Ok, long post to follow but i hope its worth the read.
I think that , after Fallout 3, a future Fallout game should lead the player to some sort of place that better illustrates why civilisation and the USA as a nation were ended in the two hours of the great war. It should of course not be the main area of gameplay but a typical "point of interest" that shows a place that was REALLY badly hit in the war.
Maybe a place you can travel to just like Point Lookout.
New York would be a great place for such an example. It would surely be tempting to model a post nuclear New York full of its giant impressing skyscraqers without windows and one or two missing floors and a headless of Statue of Liberty and stuff but would that reflect why the USA and human civilisation ceased to exist ? No.
It would downplay the devastation of a full scale nuclear war just like the Capital Wasteland does without intending to do so.
Its understood that a Fallout game cannot take place in a endless flat glass crater for obvious reasons but the capital Wasteland should better not become a role model for all destroyed cities and places that may be part of a future Fallout installment. They should leave it as an example of a city that took a rather moderate pounding in the war.

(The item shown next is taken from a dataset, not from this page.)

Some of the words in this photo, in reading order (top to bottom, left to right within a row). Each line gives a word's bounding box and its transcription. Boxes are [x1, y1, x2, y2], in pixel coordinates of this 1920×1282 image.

Simply because the capital wasteland does not really fit the "humanity was almost extinguished" and "continents were swallowed in flames" part of the story. It just does not underline the message how devastating great war was that it was capable of erasing all achievements of modern civilisation for 200 years and that in just 2 hours.

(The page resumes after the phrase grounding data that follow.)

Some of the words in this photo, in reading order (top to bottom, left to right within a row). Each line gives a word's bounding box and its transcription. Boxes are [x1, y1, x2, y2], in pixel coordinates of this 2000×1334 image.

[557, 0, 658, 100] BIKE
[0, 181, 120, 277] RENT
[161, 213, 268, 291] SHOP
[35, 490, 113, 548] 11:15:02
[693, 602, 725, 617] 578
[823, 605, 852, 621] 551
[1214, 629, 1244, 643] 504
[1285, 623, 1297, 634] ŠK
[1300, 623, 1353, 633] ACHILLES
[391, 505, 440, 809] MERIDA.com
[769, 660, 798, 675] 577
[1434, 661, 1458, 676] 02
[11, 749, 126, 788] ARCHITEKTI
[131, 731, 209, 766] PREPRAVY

The nuked Washington as showcased in Fallout 3 looks at most of its parts even less damaged than a german city like Dresden at the end of ww2.
Adams Air force base is still standing as a whole even as a primary military target.
The Pitt merely recieved a graze shot in the great war is still standing completely. It all together does not fit to the claim that "humanity was almost extinguished". It is more like "humanity recieved a bloody nose"
Of course there is nothing wrong with having exceptional locations that were only indirectly affected by the great war.
But what we saw in F3 with its new 3d world it introduced was a bit much of "these places were relatively lucky" exceptions so far and its time for a huge "OMG" place that really delivers the answer how the great war smashed civilisation and made a real recovery impossible for two centuries.
My Fallout New York as i would model it for Fallout 4 or whatever would barely be recognizable as New York at all. Thats the point.
- No ruined skyscraqers with the sun shining through their blasted windows as eye candy.
There would be no skyscraqers anymore. Every single one gone. Everything beyond floor number three would be gone. Maybe one or two exceptions like the Empire state building would have a few more floors still in place.
- No skyline of New York transformed into a little scorched eyecandy but a clear view out on the atlantic ocean that delivers the message :
"Something happened here, something that blows the mind, something that fundamentaly ended everything that once was, something that makes clear why nobody on the east coast recieved help from this once big city with its millions of inhabitants and all its institutions after the two hours of 2077, something that makes clear that there is no New York anymore"
- No still standing Statue of Liberty with just her head and arm missing. Only her feet would still be in place, a part of her torso sticking out of the ocean next to Liberty island, the rest gone without a trace.
- Most of the gameplay with all its settlements, survivor communities, inhabitable buildings , factions etc. would be located in the outskirts around the city.
The city center would be a wasteland of its own , made up of mountains of rubble, plains of concrete ,steel rubble scattered with the remains of cars and barely a street still visible or passable.
Most of them buried forever under millions of tons of rubble.
Most gameplay locations inside the city itself would be located under the surface in the subterreanean remains of buildings, metro tunnels etc.
The outer parts of the city would have a little less debris , showing signs of people scavenging building material for their little towns and communities from it over the last decades.
Meaning that the "New" New York made up of all its little town is being built next to the city rather than were it used to be before.
A bit like the city of Cairo that was largely built with stones scavenged from the pyramids.